Şeyh Bedreddin era uno dei più grandi studiosi di giurisprudenza del suo tempo. L'epoca in cui visse corrisponde al periodo della dissoluzione di Bisanzio e della fondazione e statalizzazione dell'Impero Ottomano. Tuttavia, il grande trauma creato da Tamerlano in Anatolia, oltre a stravolgere l'ordine socio-economico esistente fin dai Selgiuchidi, ha portato a nuove ricerche politiche e sociali nella geografia anatolica.

Il messaggio di Bedreddin ha fondamentalmente un contenuto teologico (riguardante l'esistenza). Non ho visto un riferimento preciso che abbia predicato riguardo all'ordine sociale. Tuttavia, nei suoi seguaci Börklüce Mustafa e Torlak Kemal c'è l'idea del socialismo (vita collettivista). Si comprende che Börklüce abbia stabilito una società comunale a Karaburun, anche se per breve tempo. Ha anche forze armate per difenderlo. Possiamo definire le rivolte di Börklüce Mustafa e Torlak Kemal come una rivolta socialista. Sì, è utopico. Ma c'è il tentativo.

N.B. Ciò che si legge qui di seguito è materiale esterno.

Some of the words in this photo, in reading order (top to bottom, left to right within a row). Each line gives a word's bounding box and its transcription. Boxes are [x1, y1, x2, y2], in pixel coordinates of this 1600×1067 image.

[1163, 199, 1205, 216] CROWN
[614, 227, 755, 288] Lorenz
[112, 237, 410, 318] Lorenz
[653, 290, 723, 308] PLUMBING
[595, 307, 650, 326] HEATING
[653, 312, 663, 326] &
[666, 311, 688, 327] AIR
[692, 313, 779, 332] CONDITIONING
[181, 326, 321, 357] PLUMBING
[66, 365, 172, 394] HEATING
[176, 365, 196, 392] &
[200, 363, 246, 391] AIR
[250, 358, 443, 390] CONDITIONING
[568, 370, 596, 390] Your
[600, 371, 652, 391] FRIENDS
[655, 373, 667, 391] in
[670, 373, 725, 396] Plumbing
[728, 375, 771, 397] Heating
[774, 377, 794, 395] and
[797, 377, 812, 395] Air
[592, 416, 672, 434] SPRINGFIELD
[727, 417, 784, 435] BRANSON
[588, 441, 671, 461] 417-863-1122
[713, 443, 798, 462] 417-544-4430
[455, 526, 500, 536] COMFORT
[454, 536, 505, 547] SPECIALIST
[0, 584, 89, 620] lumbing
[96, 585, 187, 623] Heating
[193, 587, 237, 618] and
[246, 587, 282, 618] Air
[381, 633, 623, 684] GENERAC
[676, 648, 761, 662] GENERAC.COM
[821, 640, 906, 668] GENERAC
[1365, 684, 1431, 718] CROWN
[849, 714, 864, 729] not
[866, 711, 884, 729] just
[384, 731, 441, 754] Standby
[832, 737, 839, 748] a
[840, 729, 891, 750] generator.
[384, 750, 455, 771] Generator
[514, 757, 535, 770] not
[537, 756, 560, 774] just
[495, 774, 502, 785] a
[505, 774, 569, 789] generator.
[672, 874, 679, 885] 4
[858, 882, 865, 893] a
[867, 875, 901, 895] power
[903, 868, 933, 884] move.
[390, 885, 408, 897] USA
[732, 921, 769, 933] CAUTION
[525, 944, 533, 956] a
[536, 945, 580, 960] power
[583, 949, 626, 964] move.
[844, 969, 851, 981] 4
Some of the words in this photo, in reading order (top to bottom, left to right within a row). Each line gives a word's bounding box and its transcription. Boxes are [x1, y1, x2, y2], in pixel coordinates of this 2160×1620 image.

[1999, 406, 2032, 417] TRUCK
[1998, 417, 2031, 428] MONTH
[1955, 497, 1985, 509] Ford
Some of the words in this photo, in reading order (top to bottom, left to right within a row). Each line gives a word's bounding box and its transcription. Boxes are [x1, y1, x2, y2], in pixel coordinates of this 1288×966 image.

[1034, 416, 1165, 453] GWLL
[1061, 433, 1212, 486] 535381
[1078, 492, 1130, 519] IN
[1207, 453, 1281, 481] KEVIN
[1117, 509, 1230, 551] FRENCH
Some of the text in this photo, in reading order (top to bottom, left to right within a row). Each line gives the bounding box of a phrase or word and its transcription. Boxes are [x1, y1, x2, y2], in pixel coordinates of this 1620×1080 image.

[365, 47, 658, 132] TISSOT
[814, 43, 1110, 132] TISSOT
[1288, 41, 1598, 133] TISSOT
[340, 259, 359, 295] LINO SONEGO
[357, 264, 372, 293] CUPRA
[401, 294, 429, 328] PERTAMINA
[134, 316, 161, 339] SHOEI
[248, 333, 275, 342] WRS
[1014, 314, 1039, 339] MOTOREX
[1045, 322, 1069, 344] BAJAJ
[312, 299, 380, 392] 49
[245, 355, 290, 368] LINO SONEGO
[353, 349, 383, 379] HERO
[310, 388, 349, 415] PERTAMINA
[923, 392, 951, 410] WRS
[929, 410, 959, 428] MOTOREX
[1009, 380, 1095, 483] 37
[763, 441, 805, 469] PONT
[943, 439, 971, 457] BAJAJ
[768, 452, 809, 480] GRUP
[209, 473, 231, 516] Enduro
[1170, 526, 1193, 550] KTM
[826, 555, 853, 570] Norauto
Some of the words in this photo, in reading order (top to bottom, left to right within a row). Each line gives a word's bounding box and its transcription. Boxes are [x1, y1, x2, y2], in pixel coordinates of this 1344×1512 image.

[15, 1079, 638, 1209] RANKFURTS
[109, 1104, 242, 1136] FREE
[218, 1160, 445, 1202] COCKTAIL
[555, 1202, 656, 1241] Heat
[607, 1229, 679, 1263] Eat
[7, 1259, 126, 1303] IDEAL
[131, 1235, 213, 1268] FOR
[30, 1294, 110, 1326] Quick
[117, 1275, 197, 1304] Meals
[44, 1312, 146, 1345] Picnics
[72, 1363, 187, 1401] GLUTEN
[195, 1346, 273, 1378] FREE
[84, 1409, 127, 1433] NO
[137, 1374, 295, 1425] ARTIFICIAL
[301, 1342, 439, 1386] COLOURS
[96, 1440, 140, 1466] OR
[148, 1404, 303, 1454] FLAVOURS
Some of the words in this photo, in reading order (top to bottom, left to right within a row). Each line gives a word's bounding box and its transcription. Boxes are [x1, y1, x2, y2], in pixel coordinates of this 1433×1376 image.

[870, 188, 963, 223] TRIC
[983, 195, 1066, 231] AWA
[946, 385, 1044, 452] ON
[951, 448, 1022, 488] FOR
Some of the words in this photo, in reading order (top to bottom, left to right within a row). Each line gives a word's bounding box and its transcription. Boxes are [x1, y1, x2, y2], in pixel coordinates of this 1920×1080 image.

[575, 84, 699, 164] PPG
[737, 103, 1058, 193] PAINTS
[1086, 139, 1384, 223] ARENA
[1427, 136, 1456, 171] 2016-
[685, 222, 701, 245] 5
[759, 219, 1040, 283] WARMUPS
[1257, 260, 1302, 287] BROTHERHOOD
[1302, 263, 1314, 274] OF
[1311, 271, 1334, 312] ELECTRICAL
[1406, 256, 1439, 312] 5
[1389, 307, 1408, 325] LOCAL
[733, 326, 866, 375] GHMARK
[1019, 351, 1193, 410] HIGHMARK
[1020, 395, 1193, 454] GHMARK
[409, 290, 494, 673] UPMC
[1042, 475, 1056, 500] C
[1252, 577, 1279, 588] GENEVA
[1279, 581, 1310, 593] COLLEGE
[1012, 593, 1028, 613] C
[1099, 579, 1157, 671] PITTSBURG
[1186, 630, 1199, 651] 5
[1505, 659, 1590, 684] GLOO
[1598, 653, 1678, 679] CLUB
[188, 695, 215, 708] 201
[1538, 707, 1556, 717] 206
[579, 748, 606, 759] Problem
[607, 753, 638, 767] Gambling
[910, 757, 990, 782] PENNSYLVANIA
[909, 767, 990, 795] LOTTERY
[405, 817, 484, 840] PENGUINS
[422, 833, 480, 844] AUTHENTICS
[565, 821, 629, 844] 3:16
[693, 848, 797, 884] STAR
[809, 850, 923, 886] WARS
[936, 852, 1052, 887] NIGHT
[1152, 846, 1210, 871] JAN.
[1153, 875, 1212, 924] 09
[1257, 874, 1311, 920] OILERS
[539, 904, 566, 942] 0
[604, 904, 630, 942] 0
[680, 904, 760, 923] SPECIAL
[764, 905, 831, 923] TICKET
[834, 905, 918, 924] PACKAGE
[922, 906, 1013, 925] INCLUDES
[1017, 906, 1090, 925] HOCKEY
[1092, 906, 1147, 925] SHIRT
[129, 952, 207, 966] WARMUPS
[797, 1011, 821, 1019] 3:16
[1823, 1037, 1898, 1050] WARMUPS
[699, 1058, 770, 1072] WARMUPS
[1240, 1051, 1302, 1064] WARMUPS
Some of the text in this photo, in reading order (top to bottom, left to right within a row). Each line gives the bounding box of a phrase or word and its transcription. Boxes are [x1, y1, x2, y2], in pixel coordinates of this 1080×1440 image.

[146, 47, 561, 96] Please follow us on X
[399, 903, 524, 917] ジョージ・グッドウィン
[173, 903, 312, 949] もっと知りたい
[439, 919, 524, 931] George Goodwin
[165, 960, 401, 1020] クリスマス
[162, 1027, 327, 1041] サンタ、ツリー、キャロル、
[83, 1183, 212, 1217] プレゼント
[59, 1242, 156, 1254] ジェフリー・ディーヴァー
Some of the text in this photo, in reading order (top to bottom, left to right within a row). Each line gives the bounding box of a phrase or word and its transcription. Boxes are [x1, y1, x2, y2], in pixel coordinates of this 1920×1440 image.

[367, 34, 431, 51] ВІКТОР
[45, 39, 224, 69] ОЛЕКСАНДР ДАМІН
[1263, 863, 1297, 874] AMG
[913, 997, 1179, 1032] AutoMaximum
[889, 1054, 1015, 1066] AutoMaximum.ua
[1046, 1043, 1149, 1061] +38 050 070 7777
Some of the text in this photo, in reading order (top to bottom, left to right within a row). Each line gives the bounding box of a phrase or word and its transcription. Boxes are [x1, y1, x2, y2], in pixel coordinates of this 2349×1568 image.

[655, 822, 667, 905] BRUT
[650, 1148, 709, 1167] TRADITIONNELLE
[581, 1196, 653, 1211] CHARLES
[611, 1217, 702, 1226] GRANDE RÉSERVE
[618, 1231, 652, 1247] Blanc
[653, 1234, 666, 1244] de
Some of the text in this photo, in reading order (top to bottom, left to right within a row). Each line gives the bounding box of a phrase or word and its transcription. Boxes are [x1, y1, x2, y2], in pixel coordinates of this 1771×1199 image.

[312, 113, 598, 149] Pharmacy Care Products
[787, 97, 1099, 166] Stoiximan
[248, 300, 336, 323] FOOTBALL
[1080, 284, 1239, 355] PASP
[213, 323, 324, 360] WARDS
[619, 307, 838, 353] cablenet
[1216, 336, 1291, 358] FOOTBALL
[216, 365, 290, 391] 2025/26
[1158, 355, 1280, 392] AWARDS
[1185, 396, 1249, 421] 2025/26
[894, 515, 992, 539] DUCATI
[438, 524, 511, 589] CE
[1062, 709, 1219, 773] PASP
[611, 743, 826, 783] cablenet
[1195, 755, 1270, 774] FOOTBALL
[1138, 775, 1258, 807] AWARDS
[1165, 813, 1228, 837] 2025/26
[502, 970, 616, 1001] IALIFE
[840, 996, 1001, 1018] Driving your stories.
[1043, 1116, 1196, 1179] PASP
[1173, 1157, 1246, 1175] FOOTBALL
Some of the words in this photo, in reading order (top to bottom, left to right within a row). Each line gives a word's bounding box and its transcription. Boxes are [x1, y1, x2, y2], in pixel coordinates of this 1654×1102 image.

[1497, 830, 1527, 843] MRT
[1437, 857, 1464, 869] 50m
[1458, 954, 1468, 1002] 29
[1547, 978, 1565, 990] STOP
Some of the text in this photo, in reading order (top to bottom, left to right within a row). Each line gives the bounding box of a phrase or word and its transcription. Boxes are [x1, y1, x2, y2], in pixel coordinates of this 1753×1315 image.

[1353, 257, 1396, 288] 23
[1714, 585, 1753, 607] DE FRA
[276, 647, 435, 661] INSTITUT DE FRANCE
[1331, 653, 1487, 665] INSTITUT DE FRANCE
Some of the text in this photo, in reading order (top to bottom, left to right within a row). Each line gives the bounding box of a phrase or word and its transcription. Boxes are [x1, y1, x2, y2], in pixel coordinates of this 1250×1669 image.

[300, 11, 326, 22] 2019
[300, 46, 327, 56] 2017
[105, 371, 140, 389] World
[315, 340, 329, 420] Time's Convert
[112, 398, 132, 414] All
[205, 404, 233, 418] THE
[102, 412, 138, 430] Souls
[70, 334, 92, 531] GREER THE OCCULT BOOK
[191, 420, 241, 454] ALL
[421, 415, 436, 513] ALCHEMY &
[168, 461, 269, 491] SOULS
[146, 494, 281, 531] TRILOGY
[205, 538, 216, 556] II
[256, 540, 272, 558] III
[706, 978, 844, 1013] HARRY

Non c'è alcun indizio che Bedreddin abbia immaginato un tale ordine sociale nelle foreste nere.

Certamente, anche io mi emoziono molto quando leggo l'“Epea di Şeyh Bedreddin” del grande poeta della nostra lingua Nazım Hikmet. Vivo quasi dentro l'epopea.

Ma non sono dell'opinione che la sinistra turca, su cui c'è consenso, sia un socialista del XV secolo; un Thomas Müntzer o un Mazdak apparso in terra ottomana.